Work item
Please copy every record below exactly, but leave the pictures out.

*** Data extract Section Begins ***

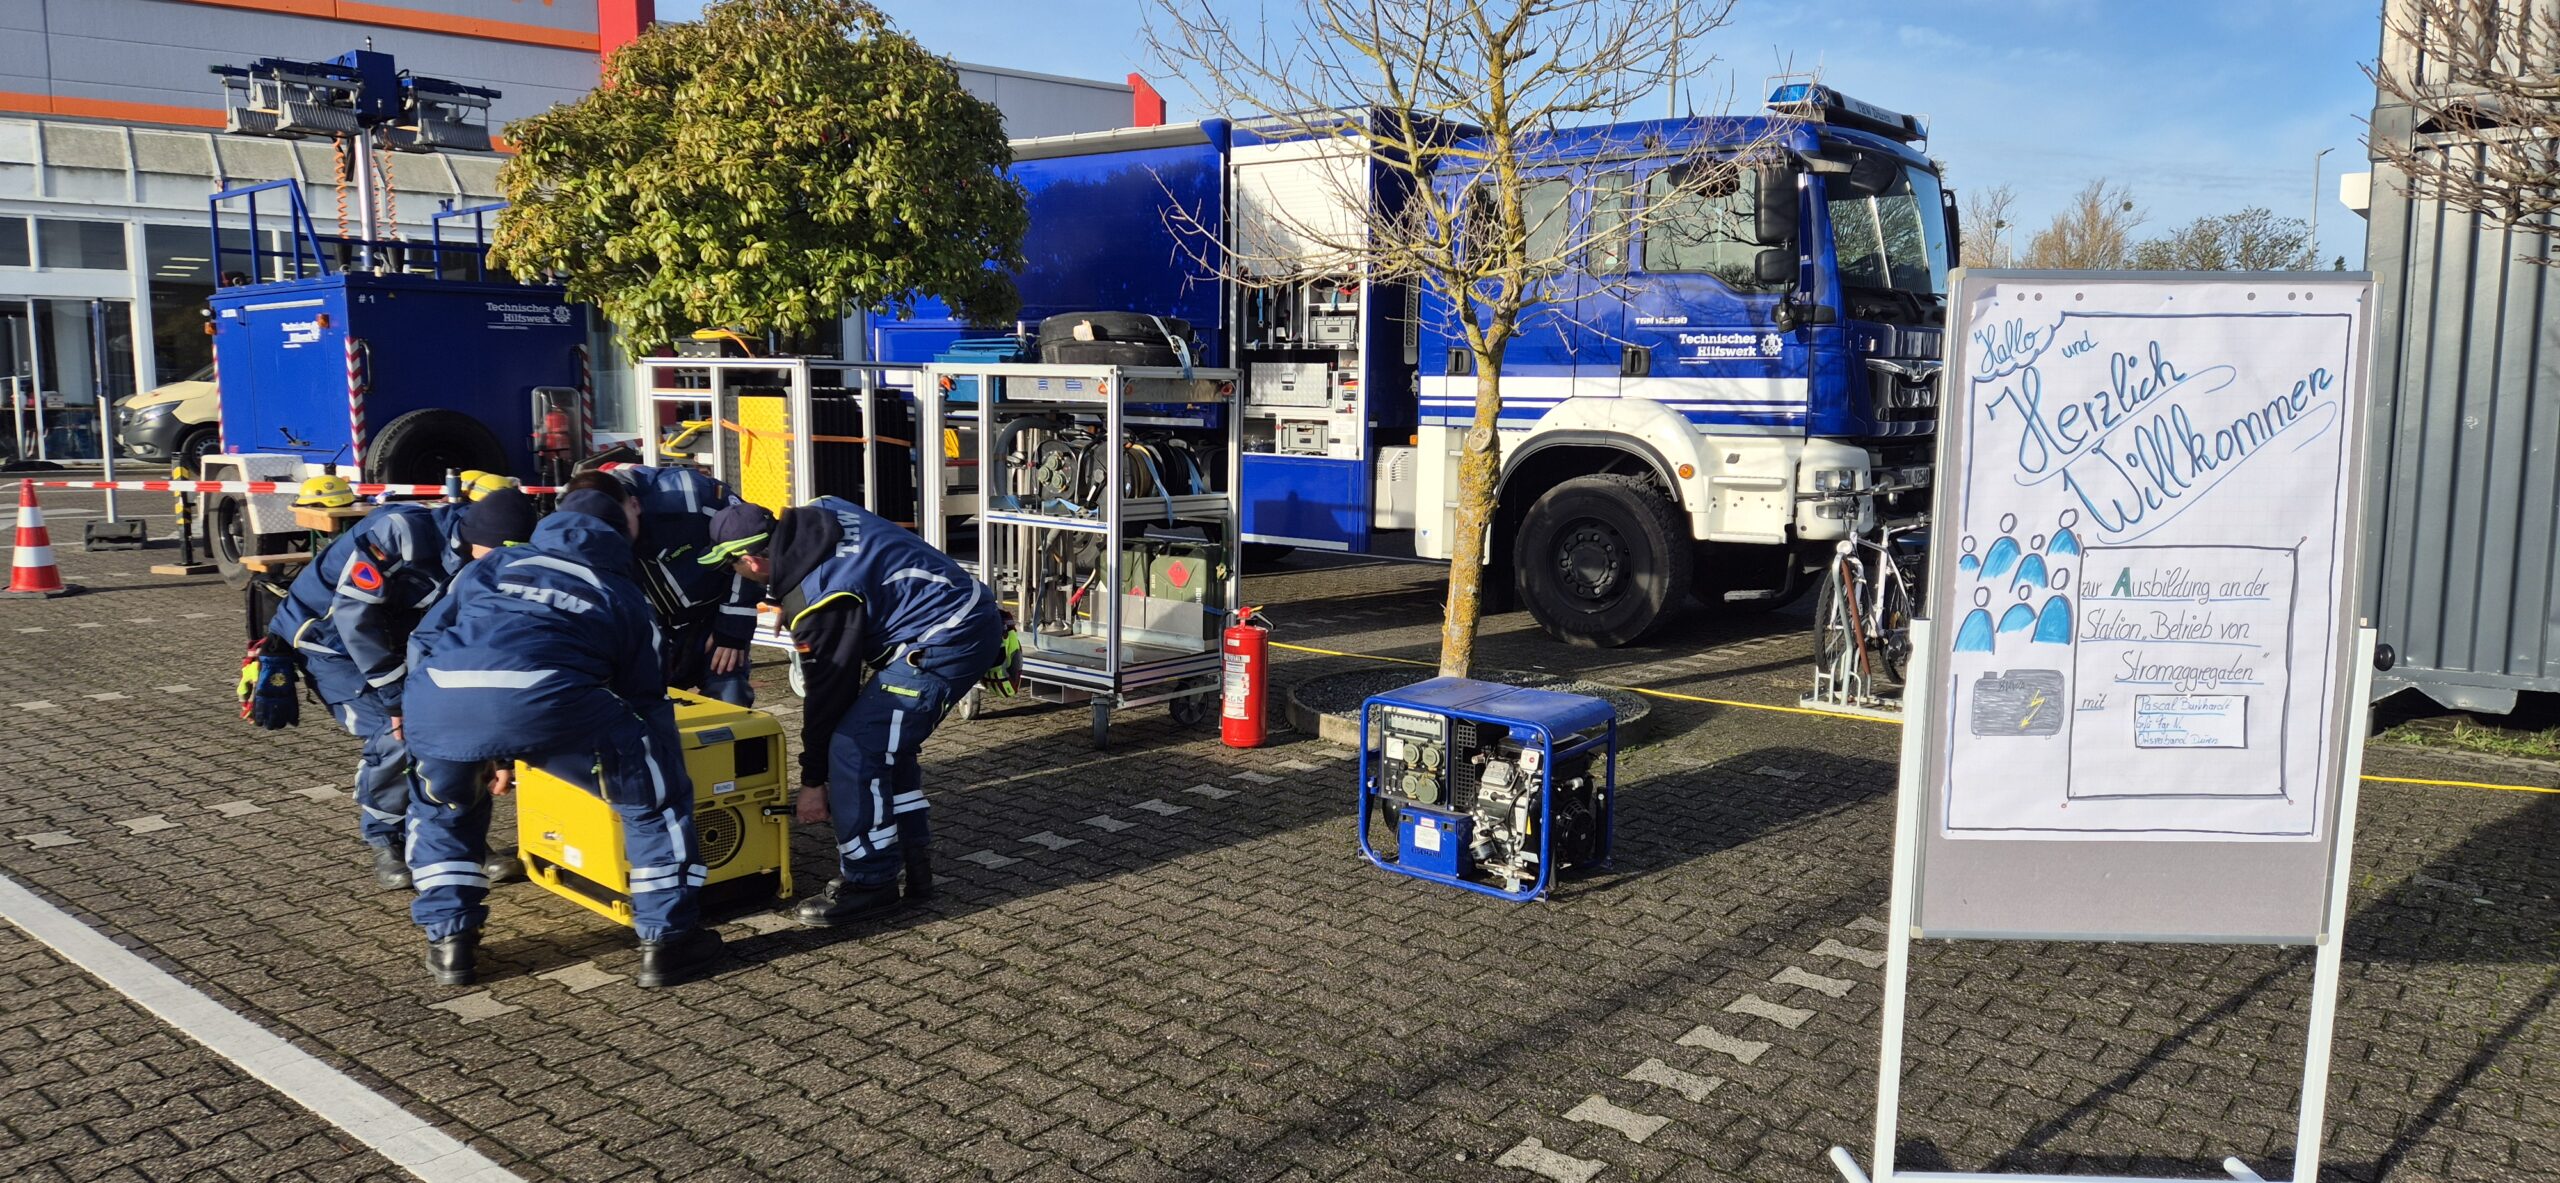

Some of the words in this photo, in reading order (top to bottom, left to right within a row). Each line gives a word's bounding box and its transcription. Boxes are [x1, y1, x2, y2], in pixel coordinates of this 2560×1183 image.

[485, 302, 550, 313] Technisches
[503, 313, 551, 323] Hilfswerk
[1679, 333, 1757, 344] Technisches
[1697, 346, 1757, 356] Hilfswerk
[1974, 317, 2042, 372] Hallo
[2062, 331, 2099, 358] und
[1985, 341, 2187, 474] Herzlich
[2063, 367, 2334, 533] Willkommen
[836, 509, 861, 558] THW
[497, 582, 593, 614] THW
[2081, 581, 2102, 597] zur
[2110, 567, 2210, 605] Ausbildung
[2219, 582, 2242, 597] an
[2244, 568, 2269, 597] der
[2080, 608, 2142, 640] Station
[2221, 622, 2249, 639] von
[2082, 693, 2107, 708] mit
[2139, 695, 2179, 711] Pascal

*** Data extract Section Ends ***

Task solution
Some of the words in this photo, in reading order (top to bottom, left to right within a row). Each line gives a word's bounding box and its transcription. Boxes are [x1, y1, x2, y2], in pixel coordinates of this 2560×1183 image.

[485, 302, 550, 313] Technisches
[503, 313, 551, 323] Hilfswerk
[1679, 333, 1757, 344] Technisches
[1697, 346, 1757, 356] Hilfswerk
[1974, 317, 2042, 372] Hallo
[2062, 331, 2099, 358] und
[1985, 341, 2187, 474] Herzlich
[2063, 367, 2334, 533] Willkommen
[836, 509, 861, 558] THW
[497, 582, 593, 614] THW
[2081, 581, 2102, 597] zur
[2110, 567, 2210, 605] Ausbildung
[2219, 582, 2242, 597] an
[2244, 568, 2269, 597] der
[2080, 608, 2142, 640] Station
[2221, 622, 2249, 639] von
[2082, 693, 2107, 708] mit
[2139, 695, 2179, 711] Pascal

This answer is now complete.